- [Instructions for the task]: Please print every record exactly as it stands, leaving out the pictures.

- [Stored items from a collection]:
..........

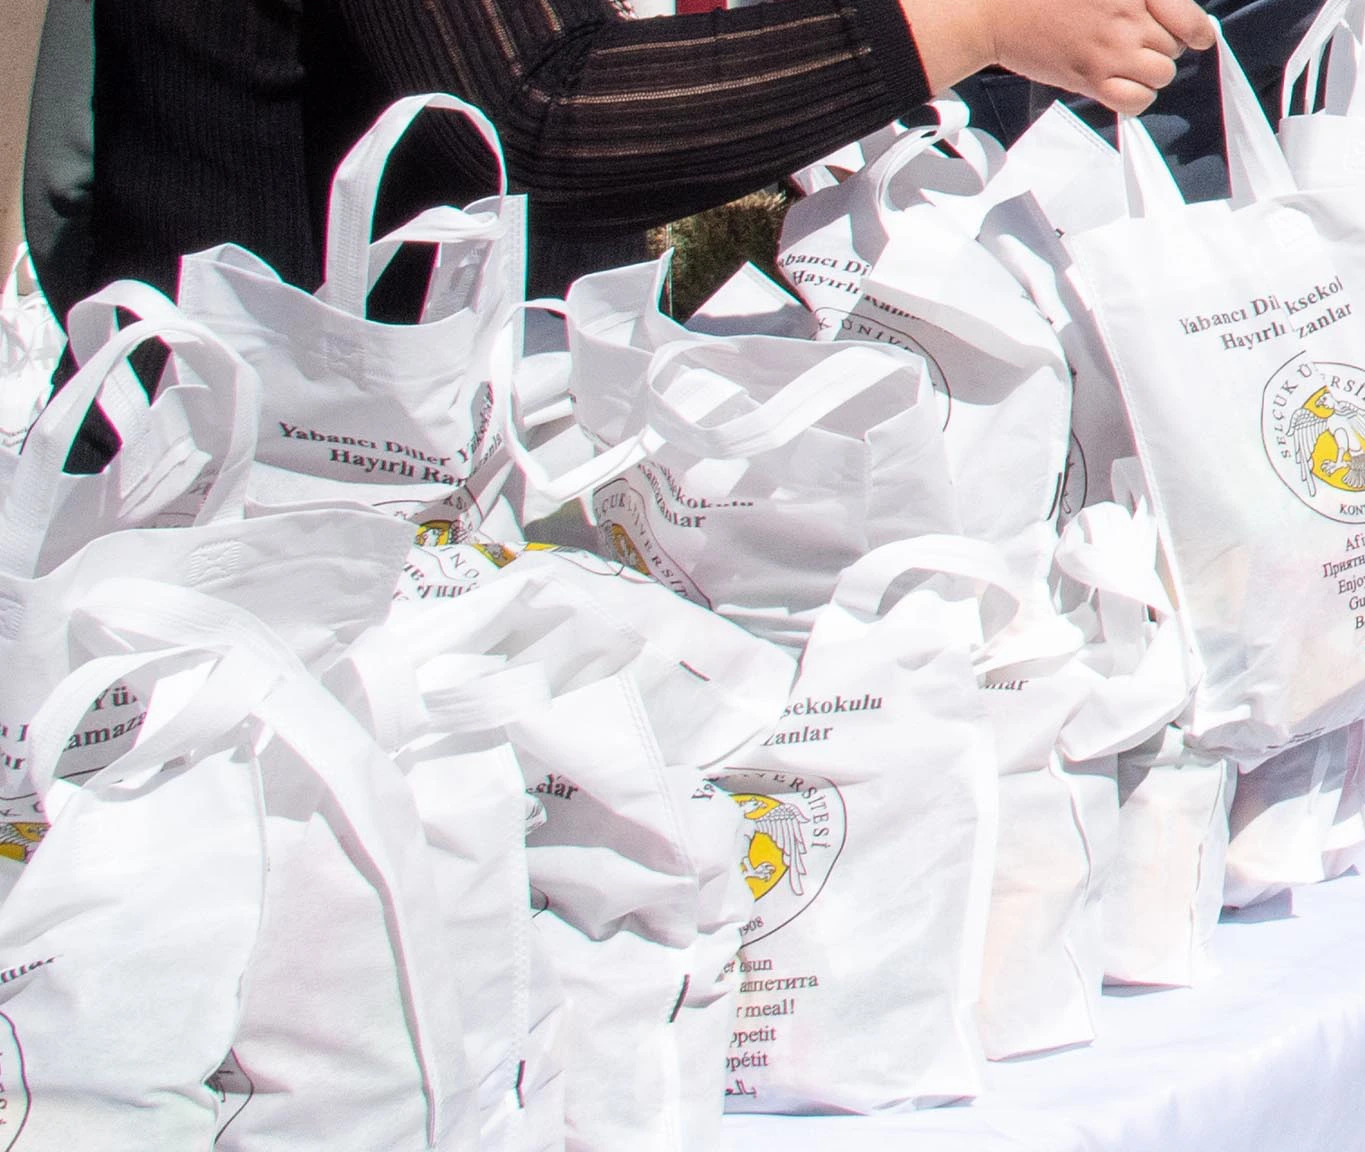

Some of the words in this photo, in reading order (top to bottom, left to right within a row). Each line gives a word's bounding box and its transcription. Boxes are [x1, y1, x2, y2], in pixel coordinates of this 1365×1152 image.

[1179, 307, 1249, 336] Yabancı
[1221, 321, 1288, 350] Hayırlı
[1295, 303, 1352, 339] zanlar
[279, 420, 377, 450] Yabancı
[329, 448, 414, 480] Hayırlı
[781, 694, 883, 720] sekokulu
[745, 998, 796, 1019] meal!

..........

- [Final answer]:
Some of the words in this photo, in reading order (top to bottom, left to right within a row). Each line gives a word's bounding box and its transcription. Boxes are [x1, y1, x2, y2], in pixel coordinates of this 1365×1152 image.

[1179, 307, 1249, 336] Yabancı
[1221, 321, 1288, 350] Hayırlı
[1295, 303, 1352, 339] zanlar
[279, 420, 377, 450] Yabancı
[329, 448, 414, 480] Hayırlı
[781, 694, 883, 720] sekokulu
[745, 998, 796, 1019] meal!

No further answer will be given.